The US ethanol industry does not receive any direct subsidies or tax breaks, but is supported through the federal government's Renewable Fuel Standard. As corn production has increased sharply in recent years, the ethanol program in the US provides much-needed demand for farmers.
"Though ethanol no longer receives any explicit subsidies through a blending credit, it is implicitly supported by the Renewable Fuel Standard," Aakash Doshi, commodities director with Citi Research, said during a later presentation.
"The US Farm Belt would be in big trouble without ethanol," Becker added. "There's no more demand for corn for export or feed or food; really any increase in corn production has to get cleared through ethanol."
Becker sees a bright future for the value ethanol brings to the table, both as a fuel and through its co-products.
"We're going to continue to see demand for cheap octane that's clean burning, and we're seeing widespread acceptance around the world of this molecule," Becker said.
Ethanol's high octane content makes it an attractive blending option while it is cost-competitive.
Though countries like China and Brazil have levied tariffs on ethanol imports, Becker said he is optimistic that exports will grow, with global ethanol demand climbing 2-3%/year.
US ethanol production has ramped up over the past several years, but Becker said debottlenecking, the process of expanding capacity at plants through efficiency improvements, is slowing.
Plants have finished the cheap debottlenecking projects.
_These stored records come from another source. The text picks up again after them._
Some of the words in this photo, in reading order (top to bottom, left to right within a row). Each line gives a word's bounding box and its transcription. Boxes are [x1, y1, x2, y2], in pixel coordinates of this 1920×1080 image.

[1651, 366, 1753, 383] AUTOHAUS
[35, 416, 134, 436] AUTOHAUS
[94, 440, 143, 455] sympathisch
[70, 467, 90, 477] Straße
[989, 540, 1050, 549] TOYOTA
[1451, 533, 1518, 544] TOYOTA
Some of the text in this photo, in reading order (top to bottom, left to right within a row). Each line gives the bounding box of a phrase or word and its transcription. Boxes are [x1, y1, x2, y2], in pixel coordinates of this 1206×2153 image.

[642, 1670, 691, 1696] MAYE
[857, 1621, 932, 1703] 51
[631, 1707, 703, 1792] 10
Becker said Green Plains now has projects that would cost $1/gal to continue expanding production through that means, but the return on investment wouldn't justify the price tag.
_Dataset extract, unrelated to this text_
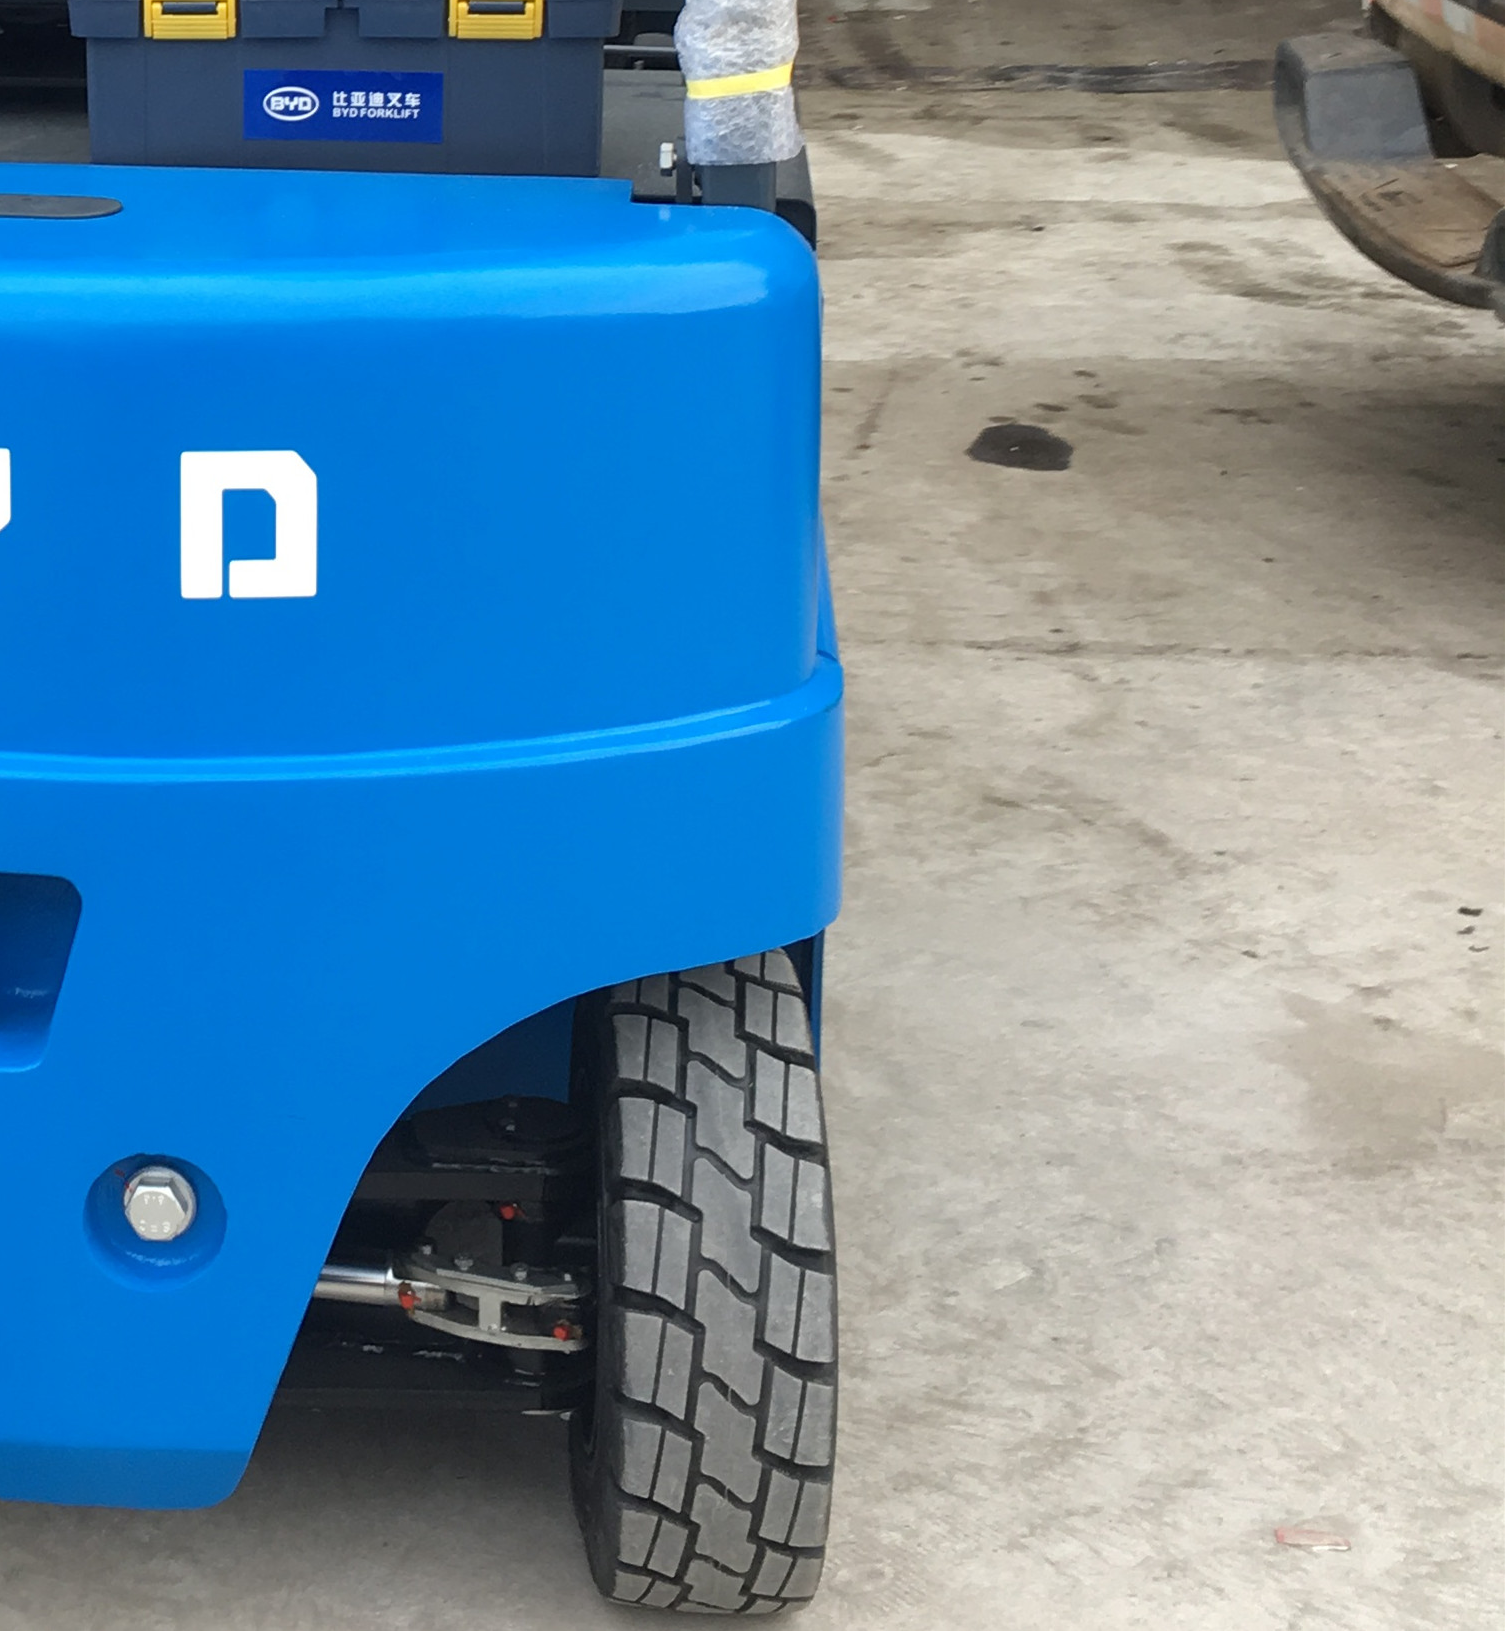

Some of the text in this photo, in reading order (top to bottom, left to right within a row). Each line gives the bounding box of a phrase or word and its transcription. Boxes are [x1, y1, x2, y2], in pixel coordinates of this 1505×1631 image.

[270, 96, 312, 111] BYD
[332, 90, 421, 108] 比亚迪叉车
[332, 108, 420, 119] BYD FORKLIFT
Becker said growing demand could eventually outpace production, especially with increased domestic blending.
"E15 is much like E10 was several years ago," he said. "We're seeing competitive responses from stations not offering E15."
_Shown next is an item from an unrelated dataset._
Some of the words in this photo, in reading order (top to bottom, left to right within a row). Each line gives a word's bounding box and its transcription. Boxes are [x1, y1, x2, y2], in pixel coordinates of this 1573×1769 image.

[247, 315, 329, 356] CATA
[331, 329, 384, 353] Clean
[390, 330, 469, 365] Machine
Ethanol producers and lobby groups have pushed for increasing ethanol blending, including gasoline with 15% ethanol beyond the current norm of 10%.
An incremental increase in ethanol demand from higher ethanol blends being sold could continue to push the average ethanol blending rate beyond 10%. And with 1,043 US stations offering E15 so far this year, Becker said the 15.6 billion-15.8 billion gallons of annual US production capacity could all be consumed domestically.
"E15 adoption could happen faster than we think. It will not take 30 years to get E15 in the fuel supply like it did for E10."
The protein content from dried distillers grains with solubles, or DDGS, ethanol's co-product, is also filling a need in world markets that will support ethanol prices.
"The world is protein-short. We make almost 50 million tons of protein and the world continues to clear any new source of protein we make."
Becker added that the protein gap between DDGS and soybean meal could close in the coming years, with DDGS even surpassing the content of soybean meal. DDGS are an animal feed, competing with corn and soybean meal. As global meat demand rises, so does demand for high-protein feed.
With multiple profit streams available to ethanol producers, Becker feels confident in the future for the US industry. He added that US policy on biofuels looks stable, given comments from US Environmental Protection Agency Administrator Scott Pruitt last week that favored US ethanol interests.